You got a 13 LTZ for 15k. I wonder what the dealer paid for it in trade.


----------



## 2013Cruze (Aug 4, 2012)

Anyone know what Compass display is? You can select it on 2015 Cruze build but it doesn't give you a description of what it is.


----------



## jandree22 (Sep 19, 2011)

Starks8 said:


> Either way, it's really cool that the Cruze finally has guidance lines!!


_Really _hope there's a MyLink update in the future to add backup camera guidelines into 13/14's. Chevy Customer Care, are you listening?


----------



## Jukebox Juliet (Apr 4, 2014)

MIPS64 said:


> I wouldn't be surprised. I took my Cruze into the shop a few weeks ago and saw one with $9k off sticker. After two weeks in the shop I went back and it was still there. I don't think anyone has even test driven it.


That's a good deal, send that thing to AZ, my mom will buy it. Depending on the color lol. 


Sent with iLove 6.0


----------



## Chevy Customer Care (Oct 29, 2011)

jandree22 said:


> _Really _hope there's a MyLink update in the future to add backup camera guidelines into 13/14's. Chevy Customer Care, are you listening?



We hear you loud and clear, Jandree22 . Keep checking in with your dealership for any updates or contact our Infotainment Team at 855-478-7767 for more info! 

Patsy G
Chevrolet Customer Care


----------



## Starks8 (Jul 20, 2011)

I would have really thought that if they were going to take away the leather wrapped steering wheel on the 1LT trim, that they could have at least made it so that it's available if you get the 1LT RS package!! Who the **** wants to drive a Cruze with an appearance package with a **** LS steering wheel? 

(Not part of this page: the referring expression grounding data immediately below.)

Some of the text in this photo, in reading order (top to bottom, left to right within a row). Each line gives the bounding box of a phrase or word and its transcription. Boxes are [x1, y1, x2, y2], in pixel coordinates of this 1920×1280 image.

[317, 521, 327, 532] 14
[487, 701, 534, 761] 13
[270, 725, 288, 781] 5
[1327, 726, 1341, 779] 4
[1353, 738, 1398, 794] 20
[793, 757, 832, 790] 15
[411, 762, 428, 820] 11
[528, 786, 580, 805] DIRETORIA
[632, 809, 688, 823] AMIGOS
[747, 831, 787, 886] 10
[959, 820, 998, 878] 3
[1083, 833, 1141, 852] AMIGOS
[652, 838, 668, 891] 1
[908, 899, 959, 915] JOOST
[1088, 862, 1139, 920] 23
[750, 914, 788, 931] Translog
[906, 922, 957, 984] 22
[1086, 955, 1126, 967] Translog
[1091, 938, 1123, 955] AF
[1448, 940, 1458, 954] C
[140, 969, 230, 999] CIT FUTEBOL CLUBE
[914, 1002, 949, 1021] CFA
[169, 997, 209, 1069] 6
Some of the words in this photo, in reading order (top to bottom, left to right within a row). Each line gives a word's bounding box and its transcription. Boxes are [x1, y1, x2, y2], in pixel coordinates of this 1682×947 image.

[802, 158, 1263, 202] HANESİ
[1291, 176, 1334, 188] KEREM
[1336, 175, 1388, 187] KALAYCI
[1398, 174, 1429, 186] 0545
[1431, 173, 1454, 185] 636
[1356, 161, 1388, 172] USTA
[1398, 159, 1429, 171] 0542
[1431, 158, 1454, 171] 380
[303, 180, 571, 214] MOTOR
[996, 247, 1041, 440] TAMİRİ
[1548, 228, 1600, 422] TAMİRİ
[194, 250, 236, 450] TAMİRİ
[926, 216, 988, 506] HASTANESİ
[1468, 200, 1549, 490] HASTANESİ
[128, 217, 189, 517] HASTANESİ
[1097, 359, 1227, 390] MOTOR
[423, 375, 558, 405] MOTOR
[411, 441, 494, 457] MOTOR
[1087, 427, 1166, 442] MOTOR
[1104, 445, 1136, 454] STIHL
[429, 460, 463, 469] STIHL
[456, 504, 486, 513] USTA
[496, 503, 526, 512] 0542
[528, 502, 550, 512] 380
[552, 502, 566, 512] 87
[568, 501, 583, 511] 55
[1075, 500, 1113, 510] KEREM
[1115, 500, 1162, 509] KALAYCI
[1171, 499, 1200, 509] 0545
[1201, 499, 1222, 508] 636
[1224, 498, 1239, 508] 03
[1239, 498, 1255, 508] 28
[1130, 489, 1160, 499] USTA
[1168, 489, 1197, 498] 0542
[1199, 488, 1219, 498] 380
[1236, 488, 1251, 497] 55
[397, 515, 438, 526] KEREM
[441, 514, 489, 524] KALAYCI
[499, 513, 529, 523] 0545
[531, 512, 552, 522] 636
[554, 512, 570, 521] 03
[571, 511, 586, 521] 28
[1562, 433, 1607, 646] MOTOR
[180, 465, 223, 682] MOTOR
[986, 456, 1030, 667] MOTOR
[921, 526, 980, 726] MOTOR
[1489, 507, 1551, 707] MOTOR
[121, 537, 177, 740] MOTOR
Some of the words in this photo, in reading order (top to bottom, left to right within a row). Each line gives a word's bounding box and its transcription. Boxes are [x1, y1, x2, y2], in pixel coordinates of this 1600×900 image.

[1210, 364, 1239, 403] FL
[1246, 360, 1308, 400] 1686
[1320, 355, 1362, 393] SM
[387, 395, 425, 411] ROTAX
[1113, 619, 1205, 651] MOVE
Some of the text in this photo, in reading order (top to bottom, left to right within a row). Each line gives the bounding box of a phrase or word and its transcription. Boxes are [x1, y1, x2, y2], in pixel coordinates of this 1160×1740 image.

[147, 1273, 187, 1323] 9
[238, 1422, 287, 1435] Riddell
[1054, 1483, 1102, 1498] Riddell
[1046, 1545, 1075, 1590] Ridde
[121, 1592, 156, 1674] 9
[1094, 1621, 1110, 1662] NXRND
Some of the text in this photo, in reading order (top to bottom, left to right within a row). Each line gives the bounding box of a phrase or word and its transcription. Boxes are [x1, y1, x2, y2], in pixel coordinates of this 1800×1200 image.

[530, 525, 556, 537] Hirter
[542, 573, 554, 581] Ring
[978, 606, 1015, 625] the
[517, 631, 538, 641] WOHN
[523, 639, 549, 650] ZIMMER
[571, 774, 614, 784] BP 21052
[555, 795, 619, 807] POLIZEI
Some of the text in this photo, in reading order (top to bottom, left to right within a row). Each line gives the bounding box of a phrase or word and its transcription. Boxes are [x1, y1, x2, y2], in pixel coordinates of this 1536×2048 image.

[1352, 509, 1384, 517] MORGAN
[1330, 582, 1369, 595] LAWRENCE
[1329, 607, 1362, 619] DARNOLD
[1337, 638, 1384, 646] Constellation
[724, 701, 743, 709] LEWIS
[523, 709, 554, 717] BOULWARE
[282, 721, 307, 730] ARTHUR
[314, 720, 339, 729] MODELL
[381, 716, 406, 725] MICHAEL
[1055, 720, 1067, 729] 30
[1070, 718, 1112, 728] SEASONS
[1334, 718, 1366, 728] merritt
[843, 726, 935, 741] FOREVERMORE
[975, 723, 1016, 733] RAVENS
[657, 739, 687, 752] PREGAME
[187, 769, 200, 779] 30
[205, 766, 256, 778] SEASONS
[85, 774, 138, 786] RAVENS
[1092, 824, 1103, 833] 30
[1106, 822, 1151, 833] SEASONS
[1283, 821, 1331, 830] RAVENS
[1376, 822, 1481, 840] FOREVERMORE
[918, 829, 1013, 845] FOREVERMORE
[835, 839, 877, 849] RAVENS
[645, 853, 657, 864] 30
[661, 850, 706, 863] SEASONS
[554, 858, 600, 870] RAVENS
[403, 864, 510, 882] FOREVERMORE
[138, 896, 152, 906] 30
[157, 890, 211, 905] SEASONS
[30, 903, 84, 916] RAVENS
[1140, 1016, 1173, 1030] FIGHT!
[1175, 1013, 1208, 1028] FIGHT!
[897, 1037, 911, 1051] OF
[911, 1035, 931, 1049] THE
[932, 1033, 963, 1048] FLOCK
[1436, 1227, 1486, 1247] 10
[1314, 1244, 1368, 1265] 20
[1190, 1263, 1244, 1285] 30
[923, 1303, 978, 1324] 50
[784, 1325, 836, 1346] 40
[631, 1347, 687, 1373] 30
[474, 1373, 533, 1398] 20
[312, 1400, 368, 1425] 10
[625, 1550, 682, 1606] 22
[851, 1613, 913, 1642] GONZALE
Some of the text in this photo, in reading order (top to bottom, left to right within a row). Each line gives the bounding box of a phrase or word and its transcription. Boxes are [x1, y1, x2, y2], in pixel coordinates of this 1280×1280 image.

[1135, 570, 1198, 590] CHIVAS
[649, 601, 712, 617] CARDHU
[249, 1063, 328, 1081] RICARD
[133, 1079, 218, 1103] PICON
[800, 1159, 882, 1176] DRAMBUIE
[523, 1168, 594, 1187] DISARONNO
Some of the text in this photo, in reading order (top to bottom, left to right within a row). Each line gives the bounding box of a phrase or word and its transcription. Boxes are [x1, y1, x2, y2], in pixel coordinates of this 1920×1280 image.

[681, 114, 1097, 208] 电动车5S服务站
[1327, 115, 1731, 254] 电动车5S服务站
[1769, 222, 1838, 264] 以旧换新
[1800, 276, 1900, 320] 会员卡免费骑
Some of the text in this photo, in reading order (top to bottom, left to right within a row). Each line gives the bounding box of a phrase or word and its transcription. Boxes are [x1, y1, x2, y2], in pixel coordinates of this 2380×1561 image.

Why does Chevy want to punish N/A consumers after making the Cruze one of the best selling compact cars out there by doing all this decontenting?! Are they trying to push people to look at their competitors? Maybe Chevy can't handle being successful and this is their way of shying away from being the top dog in the compact class?

Who does Chevy get for their Cruze/compact sedan focus groups because if they used this forum and it's members, they would know what they should or shouldn't do to the Cruze!


----------



## Jim Frye (Mar 16, 2011)

Maybe they are using Focus groups and not focus groups.


----------



## MIPS64 (Sep 10, 2012)

Chevy is notorious for removing features as the years go on. I believe their mindset is they are rewarding you for being an early adopter/guinea pig.


----------



## Cigaro (Oct 12, 2014)

Starks8 said:


> Why does Chevy want to punish N/A consumers after making the Cruze one of the best selling compact cars out there by doing all this decontenting.


I think they are creating a differentiation for the SS between the Camaro and the Cruze. When I picked up my '14 LTZ RS I test drove a '13 Camaro 2SS for a day. Way too many shared components between the two. I think the market is pushing the Cruze towards the econo-box, and people wanting something sportier can look towards the SS or Camaro perhaps. 

No way Vette guys wouldn't cry a river if the Camaro shared as many components with the Vette as the Cruze does with the Camaro.

I could be way wrong.


----------



## spacedout (Dec 7, 2010)

Stopped by my local dealer today, had a 2015 LS on the lot. Not only was it as bad as the photos, strangely the LS has chrome around where the fog lights go(no fogs however). It looks out of place, especially when nothing on the rest of the car is chrome.


----------



## NYCruze2012 (Jan 16, 2012)

Jim Frye said:


> Maybe they are using Focus groups and not focus groups.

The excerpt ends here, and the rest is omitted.